Whoever did the firebombing in Ottawa may claim the "anarchist" label (assuming it wasn't a police action- if they are caught it wasn't; if they are not leave that option open) in a vague rhetorical way, but it has to be said that they don't have the foggiest clue as to what anarchism is beyond another "ism" to add to a leftist laundry list. Unfortunately it is still a minority position amongst North American anarchists in terms of understanding what "direct action" really means. Platformists and mutualists generally understand it, and the majority of educated syndicalists do as well. To others, however, it has become a synonym for either violence or militance. These things have nothing whatsoever to do with the real meaning of the term.


Nicolas said...

Just one short nuance. In the original sense, at least in the french context, Direct Action could be kind of indirect in a way. The idea arouse out of a debate about wether it would be faster and better for labor to get legislative change or to get collective bargaining. The debate was specificaly around the 8h day. So the debate was wether it would be faster to get a law or to get a deal with the boss. The law was called indirect action, the deal with the boss direct action. So, this mean you could have a demonstration or rally that was not direct at all but that would have been biled 'direct action' if it was directed at the boss or 'indirect action' if it was directed at politicians. So, in this way you get the weird situation where the first european general strikes where called political general strikes and indirect actions by syndicalists because they where directed at the parliement [the universal suffrage in Belgium, for instance, was one tru general strike].

Anonymous said...

Awesome article. I would like to read more of your thoughts on how not only "direct action" has lost its meaning, but the anarchist movement in general.

In solidarity,
-John, the TBF

mollymew said...

Just search labels under "anarchism" , "tactics", or "anarchist theory" in this blog.
Very true.
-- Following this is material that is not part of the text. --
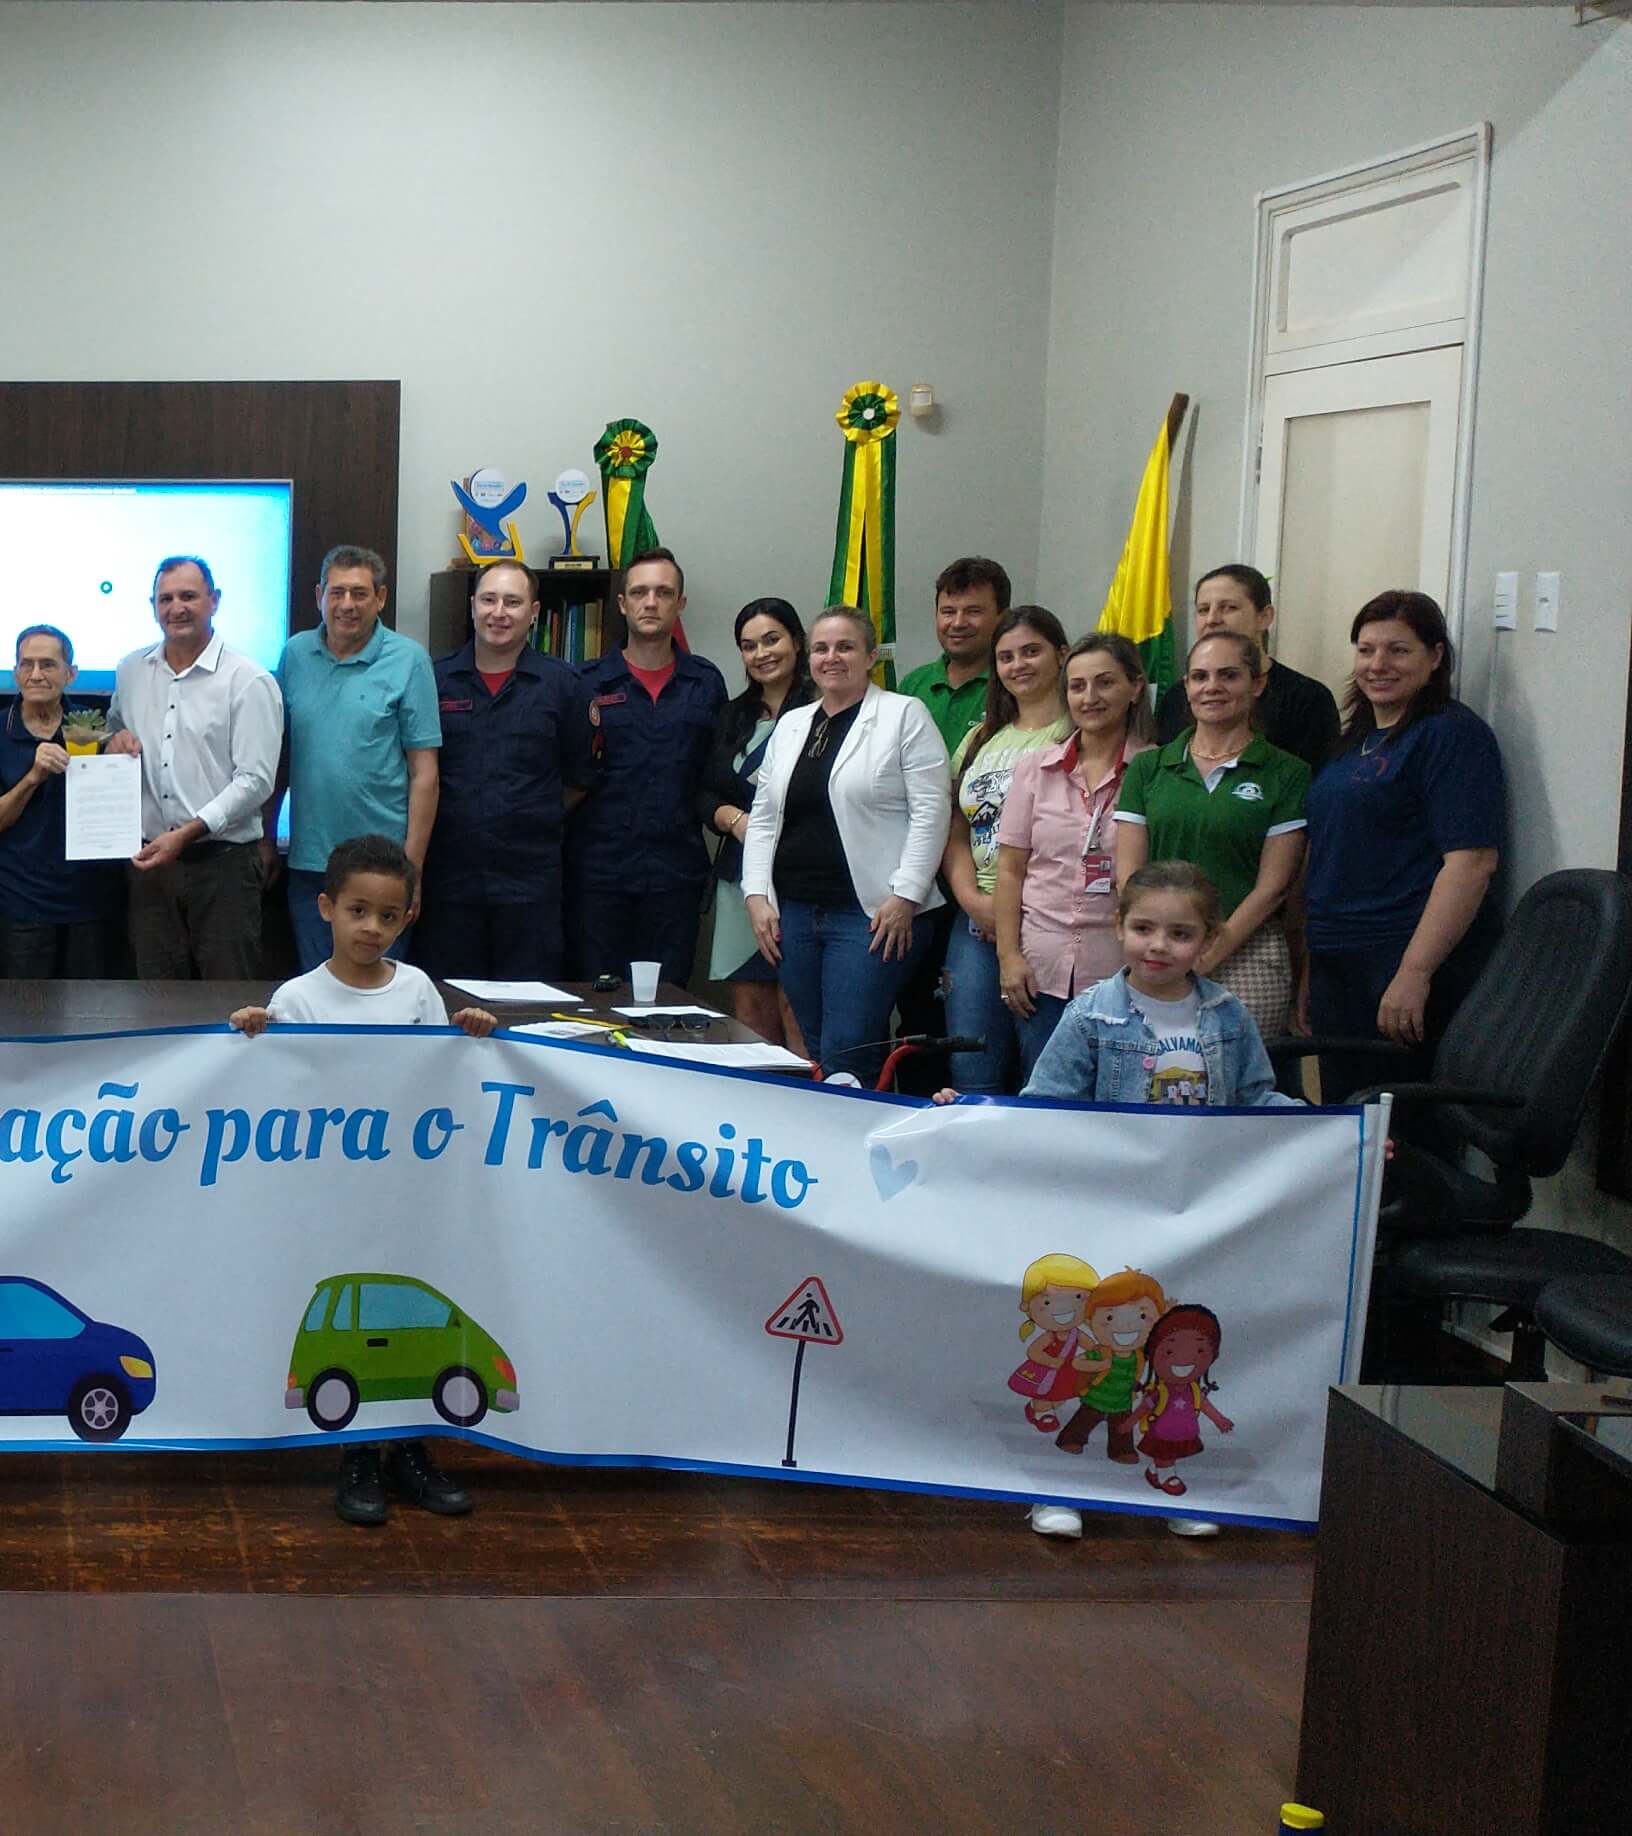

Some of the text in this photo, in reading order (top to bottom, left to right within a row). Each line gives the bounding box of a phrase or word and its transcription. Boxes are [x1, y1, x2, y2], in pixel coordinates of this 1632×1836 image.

[199, 1106, 391, 1187] para
[412, 1106, 465, 1161] o
[480, 1080, 819, 1210] Trânsito
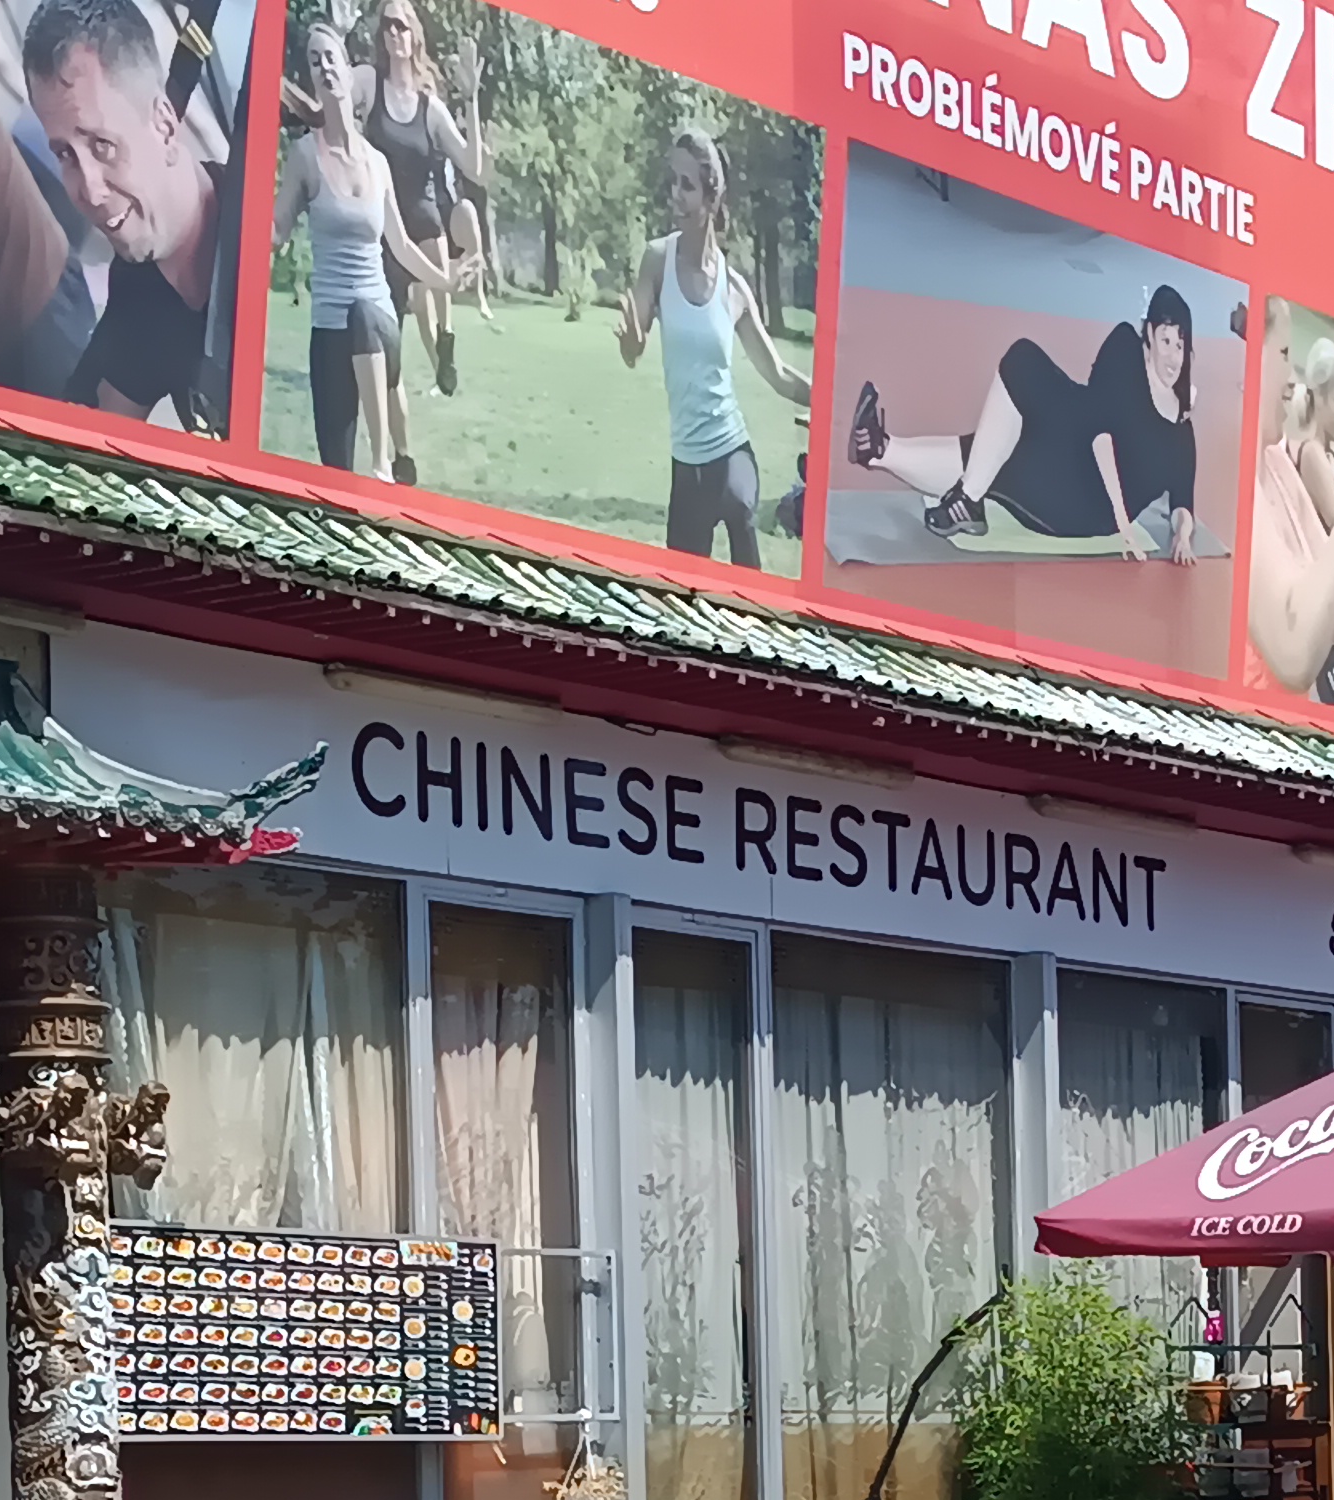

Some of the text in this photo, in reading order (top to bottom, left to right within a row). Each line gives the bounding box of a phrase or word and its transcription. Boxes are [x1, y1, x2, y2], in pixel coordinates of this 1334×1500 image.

The "immediacy" of direct action was one of the things that defined it at the time the concept first came to be formed. I briefly referred to this in the post, with what I must admit is leftist private language ie "without mediation".
What I wanted to concentrate on, however, was the idea of "practicality" ie that "direct action" is actually action that accomplishes the goal desired directly ! without having to go through any subsequent series of representation. This IMPLIES the idea that it is directed at an immediate situation and acts to correct a problem without going through the mediation of the state.
It ALSO implies that the goal is well defined and limited enough so that it can actually be achieved. The "laundry list" of complaints that people such as the Ottawa firebombers present is obviously no such thing. To say the least the idea of actually changing anything at all by the action is the furthest thing from their minds. Unless, of course, they are completely !!! deluded which is a slight possibility. What they wanted to do is make a symbolic statement which, in their isolation from the general population, they imagined would spark further rebellion. As I've quipped before...protesting with bricks not placards. What they did was very much "symbolic" rather than practical, and that was the main point I was driving at.